The Pulte court went on to address the bad faith finding, noting that American Safety had continued to deny Pulte coverage even after the trial court had denied an initial summary adjudication motion on one of the policies. Further, that American Safety had not appealed the result based on an apparent strategy of continuing to apply its own policy interpretation. In addition, the court found American Safety’s continued denial unreasonable in light of numerous federal trial court decisions against its position on the interpretation of “ongoing operations,” including a case against American Safety itself. (Citing D.R. Horton Los Angeles Holding Co., Inc. v.
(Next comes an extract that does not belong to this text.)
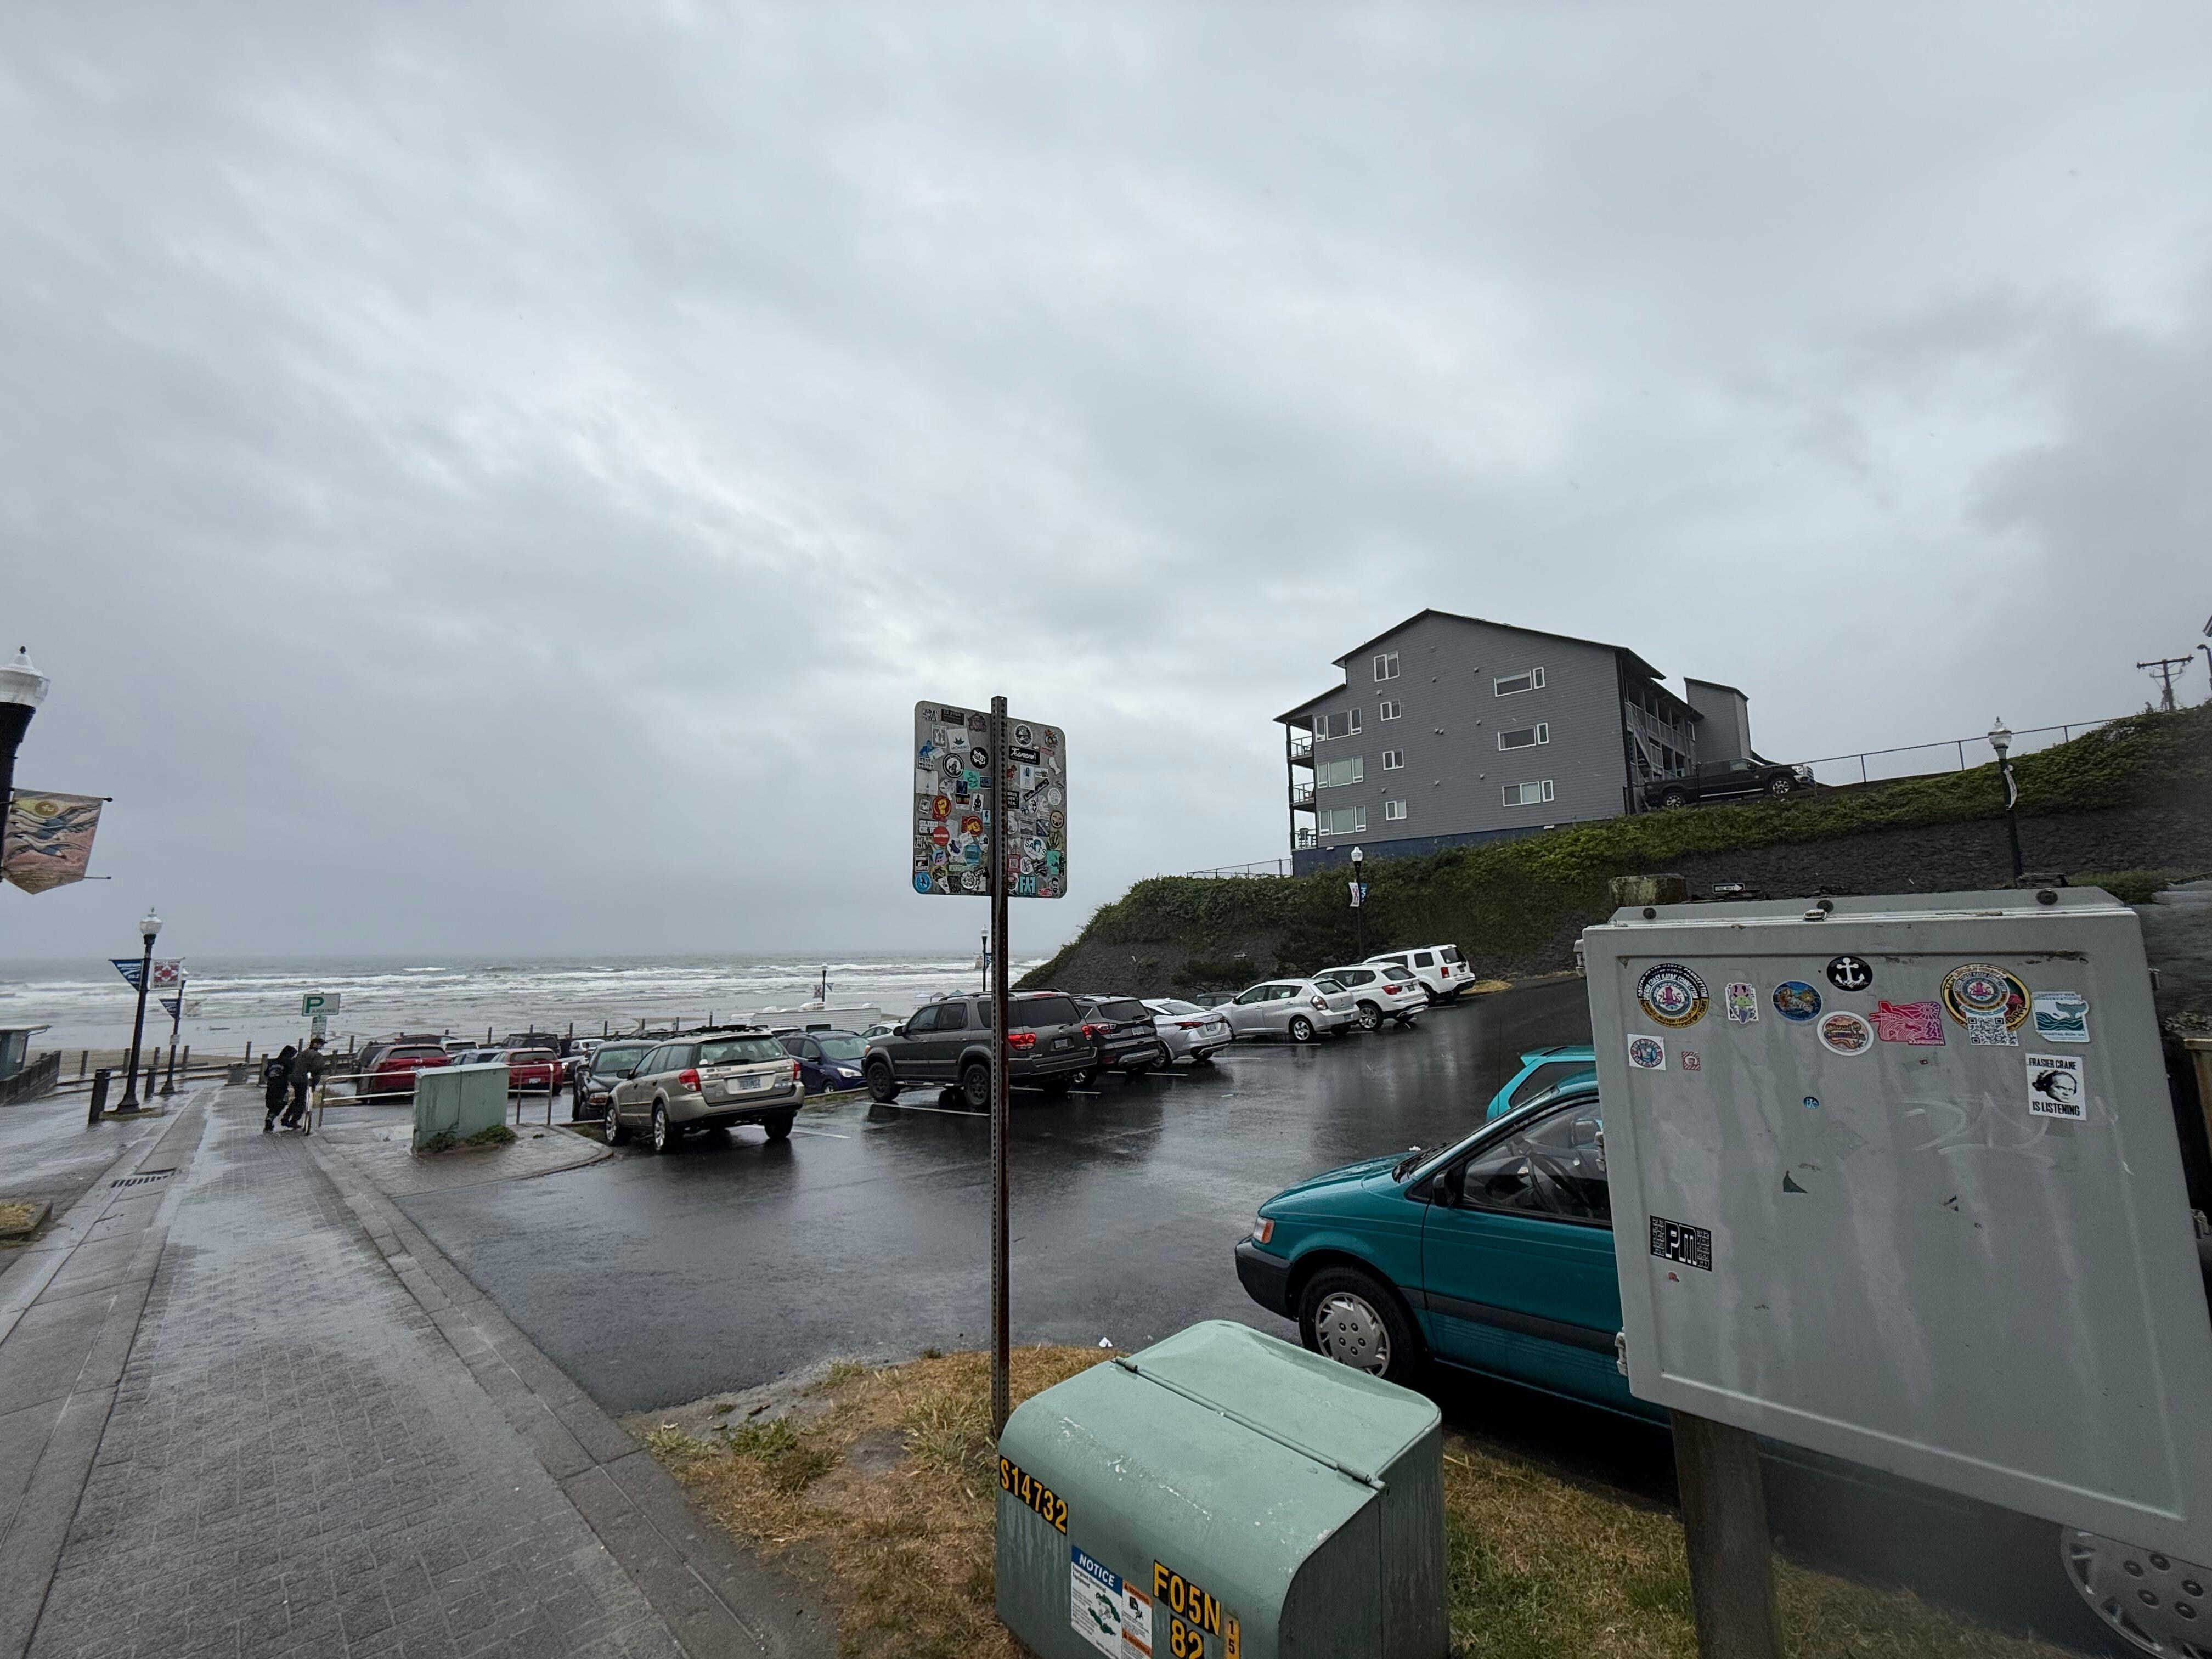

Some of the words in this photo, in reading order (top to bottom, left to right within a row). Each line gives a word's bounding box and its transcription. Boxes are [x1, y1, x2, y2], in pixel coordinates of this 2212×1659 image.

American Safety Indem. Co. (S.D.Cal., Jan. 5, 2012, No. 10CV443WQH) 2012 U.S. Dist. LEXIS 1881.)
As further evidence of bad faith, the Pulte court noted evidence drawn from testimony of its claims representatives and corporate claims counsel about how hundreds of additional insureds’ claims were routinely denied based on the restrictive policy interpretations offered and “[t]he three adjusters who testified did not recall ever accepting an additional insured tender.” The court was also moved by the fact that the denials appeared to be form letters, “rather than the product of any appropriate case-by-case analysis.”
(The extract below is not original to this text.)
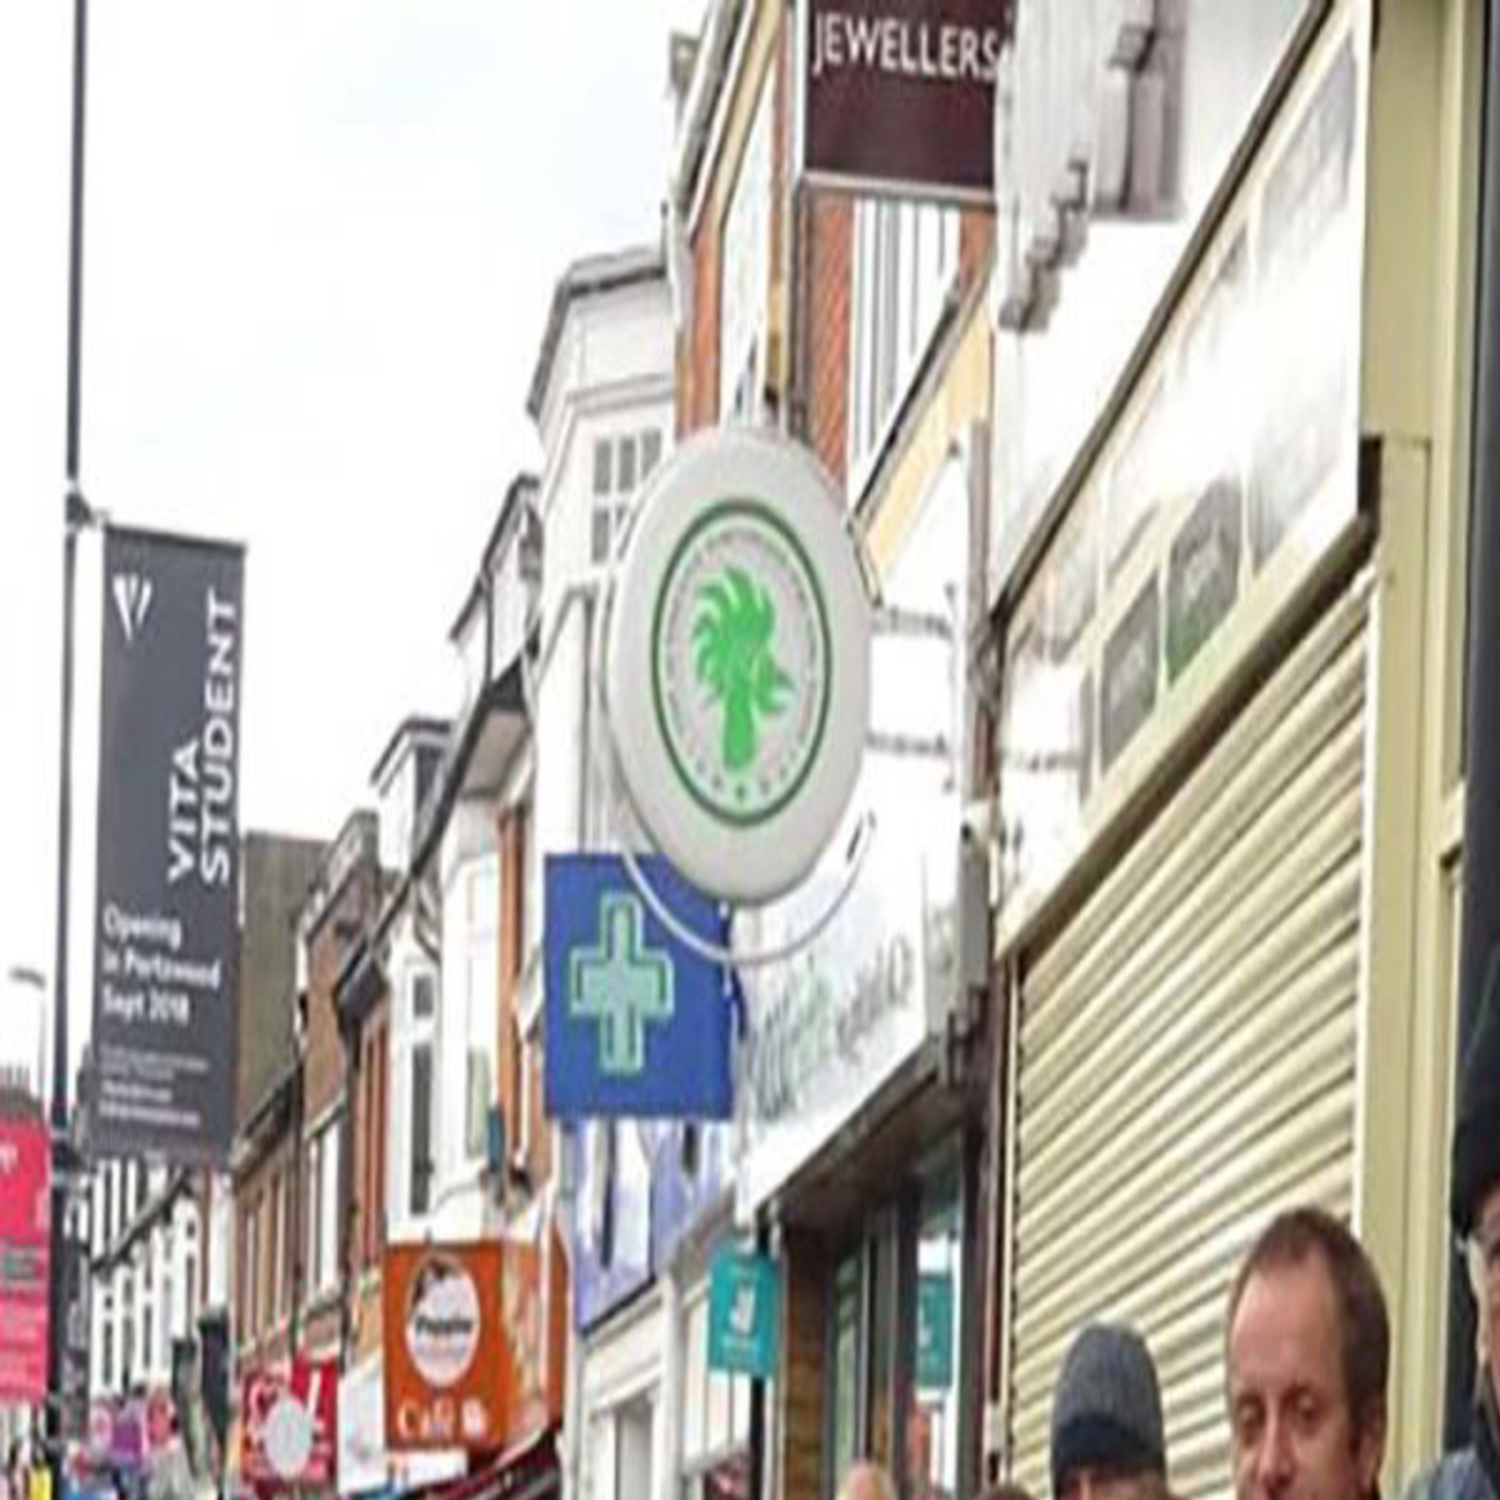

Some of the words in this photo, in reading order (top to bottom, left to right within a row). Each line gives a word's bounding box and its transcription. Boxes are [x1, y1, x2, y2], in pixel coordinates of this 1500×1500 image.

[812, 12, 999, 81] JEWELLERS
[201, 585, 236, 886] STUDENT
[167, 737, 198, 884] VITA
Addressing punitive damages, the court stated that American Safety had demonstrated a “pattern and practice of using every conceivable argument to deny coverage, whether the arguments are weak or strong, valid or invalid.” “Such conduct showed the company was primarily protecting its own interests in refusing to defend its additional insureds in construction defect cases.” The fact of using a third party administrator was no defense either, and an insurer “cannot avoid responsibility by creating a company to handle claims and allowing the company and its managing agent … to deny all AI claims…. The pattern of not accepting additional insured tenders has gone on for years and clearly was known to the officers and managing agents of ASIC. Effectively, American Safety had been issuing AIEs while ‘knowing that coverage would never be honored and knowing that the additional insureds intended that they would be receiving a defense if they were sued in construction defect cases’.”
On the subject of attorney’s fees under Brandt v. Superior Court (1985) 37 Cal.3d 813, the Pulte court did take issue with Pulte’s mid-stream change from a contingency to an hourly fee agreement, as an apparent attempt to manipulate the result in its favor. While acknowledging that fee arrangements are generally subject to change, the Pulte court found Pulte’s change inconsistent with the principles of Brandt, “which are to ensure that such a fee award reflects only those fees attributable to the attorney’s efforts to obtain the rejected payment due on the insurance contract.” Thus, the Pulte court ordered the case remanded for recalculation of the fees based on the original contingency agreement. And in noting that the Brandt fee issue also affected the amount of the punitive damages, the Pulte court gave passing approval to application of a one-to-one general-to-punitive damages ratio.